YOUR INSTRUCTIONS: Reproduce each line of the listing exactly.

STUDY MATERIAL:

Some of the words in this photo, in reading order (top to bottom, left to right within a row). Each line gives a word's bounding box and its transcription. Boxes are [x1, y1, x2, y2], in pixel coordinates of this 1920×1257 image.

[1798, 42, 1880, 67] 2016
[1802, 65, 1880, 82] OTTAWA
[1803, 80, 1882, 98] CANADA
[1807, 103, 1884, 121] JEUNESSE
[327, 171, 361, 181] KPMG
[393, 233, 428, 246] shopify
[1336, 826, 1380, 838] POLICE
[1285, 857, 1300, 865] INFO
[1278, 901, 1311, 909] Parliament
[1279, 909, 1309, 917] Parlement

YOUR SOLUTION:
Some of the words in this photo, in reading order (top to bottom, left to right within a row). Each line gives a word's bounding box and its transcription. Boxes are [x1, y1, x2, y2], in pixel coordinates of this 1920×1257 image.

[1798, 42, 1880, 67] 2016
[1802, 65, 1880, 82] OTTAWA
[1803, 80, 1882, 98] CANADA
[1807, 103, 1884, 121] JEUNESSE
[327, 171, 361, 181] KPMG
[393, 233, 428, 246] shopify
[1336, 826, 1380, 838] POLICE
[1285, 857, 1300, 865] INFO
[1278, 901, 1311, 909] Parliament
[1279, 909, 1309, 917] Parlement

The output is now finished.